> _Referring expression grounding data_
**********

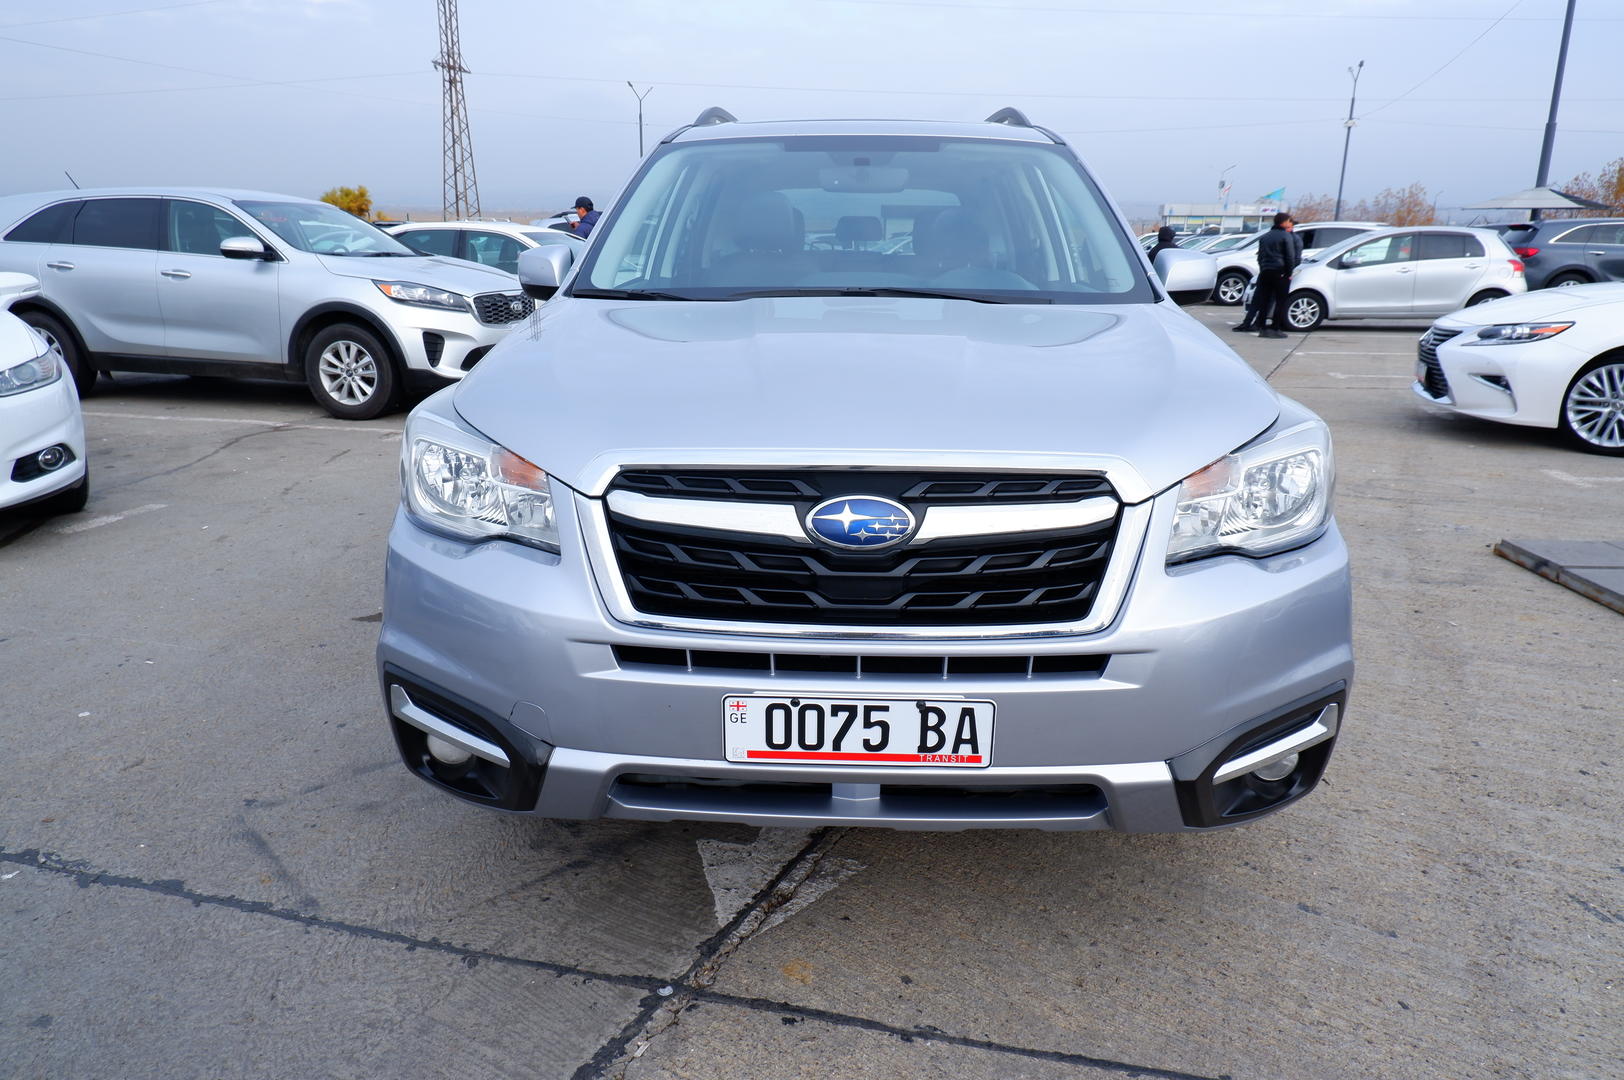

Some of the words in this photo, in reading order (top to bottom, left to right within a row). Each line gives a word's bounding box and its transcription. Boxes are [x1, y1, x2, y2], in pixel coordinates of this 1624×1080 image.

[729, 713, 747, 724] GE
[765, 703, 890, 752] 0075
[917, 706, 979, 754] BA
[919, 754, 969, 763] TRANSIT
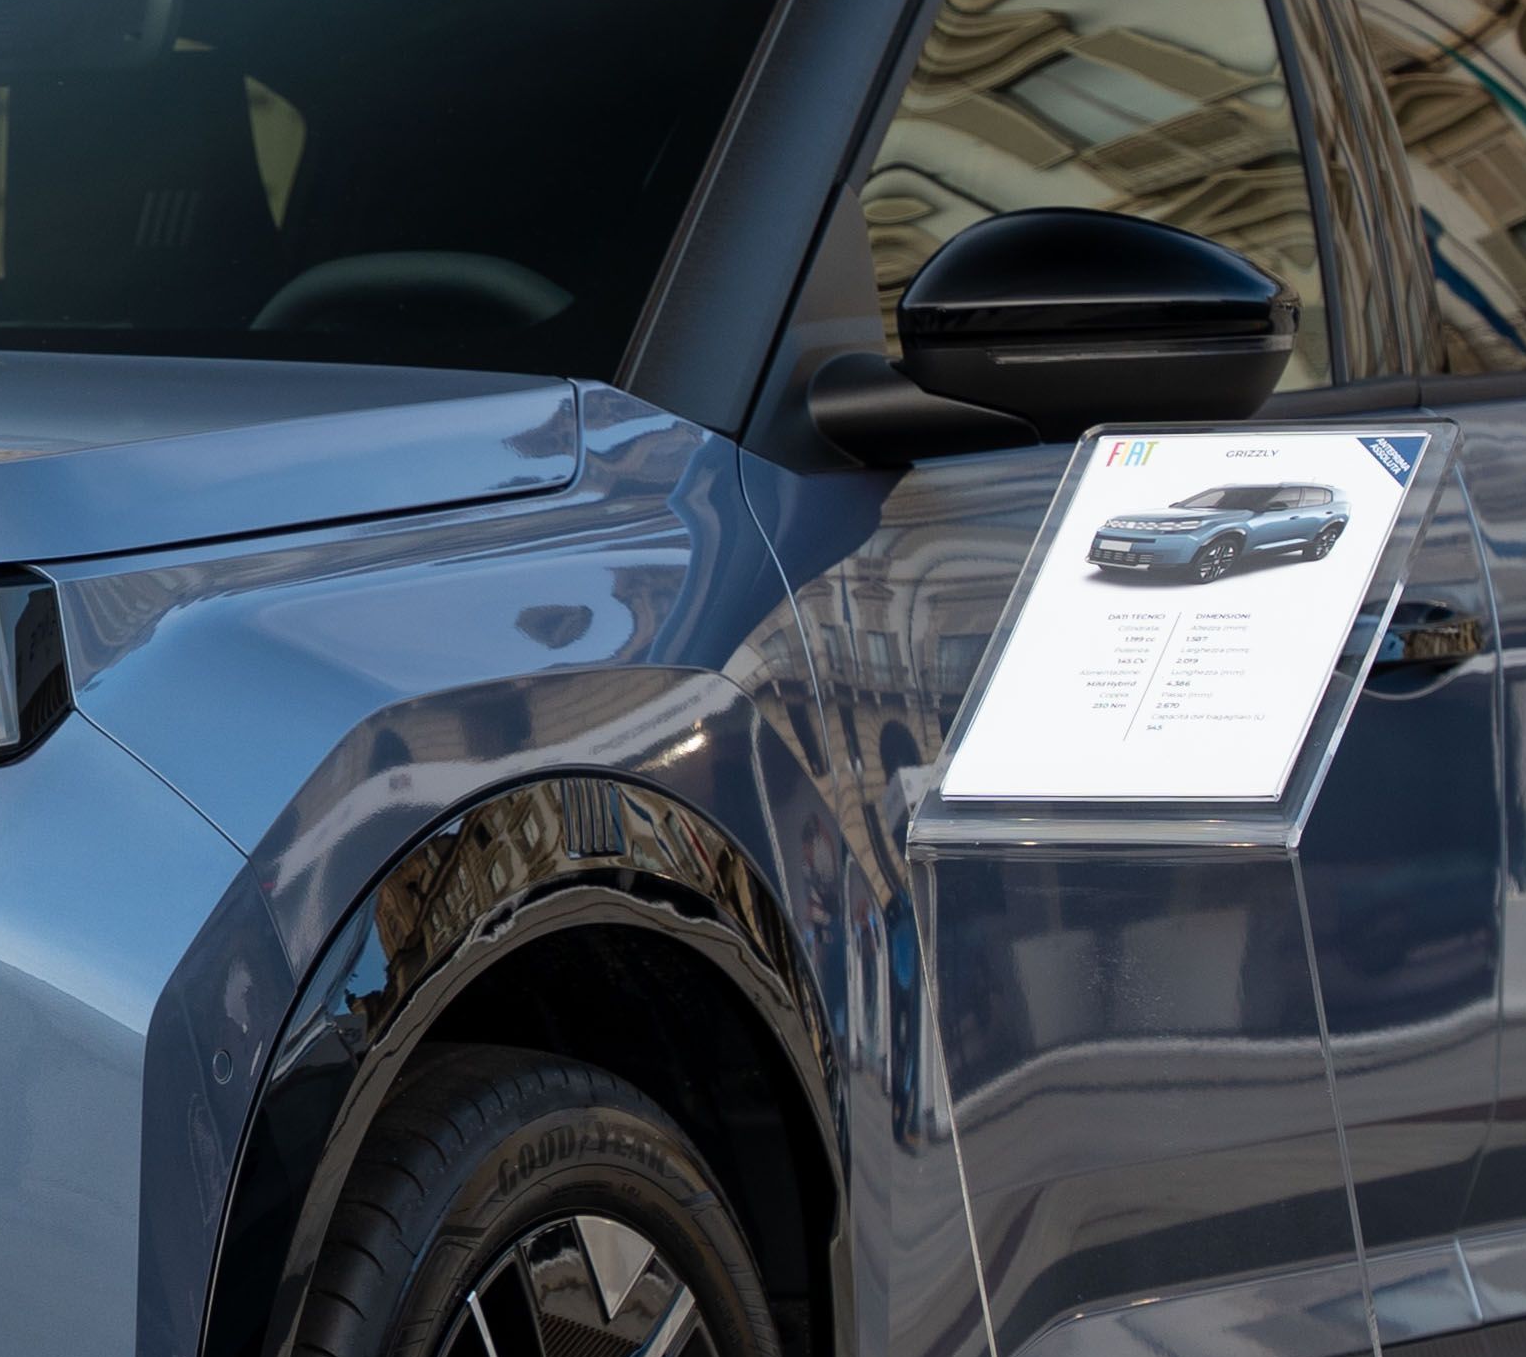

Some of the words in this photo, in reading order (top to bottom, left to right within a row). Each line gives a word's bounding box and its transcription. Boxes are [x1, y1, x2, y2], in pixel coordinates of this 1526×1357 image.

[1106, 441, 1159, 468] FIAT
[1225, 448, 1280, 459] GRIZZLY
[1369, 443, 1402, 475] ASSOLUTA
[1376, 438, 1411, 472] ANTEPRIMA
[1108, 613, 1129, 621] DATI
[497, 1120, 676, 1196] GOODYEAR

**********

From the line holding "this 1526×1357 image." through the final line of the data above, copy every line exactly as written. Include nothing else.

> _Reply_
Some of the words in this photo, in reading order (top to bottom, left to right within a row). Each line gives a word's bounding box and its transcription. Boxes are [x1, y1, x2, y2], in pixel coordinates of this 1526×1357 image.

[1106, 441, 1159, 468] FIAT
[1225, 448, 1280, 459] GRIZZLY
[1369, 443, 1402, 475] ASSOLUTA
[1376, 438, 1411, 472] ANTEPRIMA
[1108, 613, 1129, 621] DATI
[497, 1120, 676, 1196] GOODYEAR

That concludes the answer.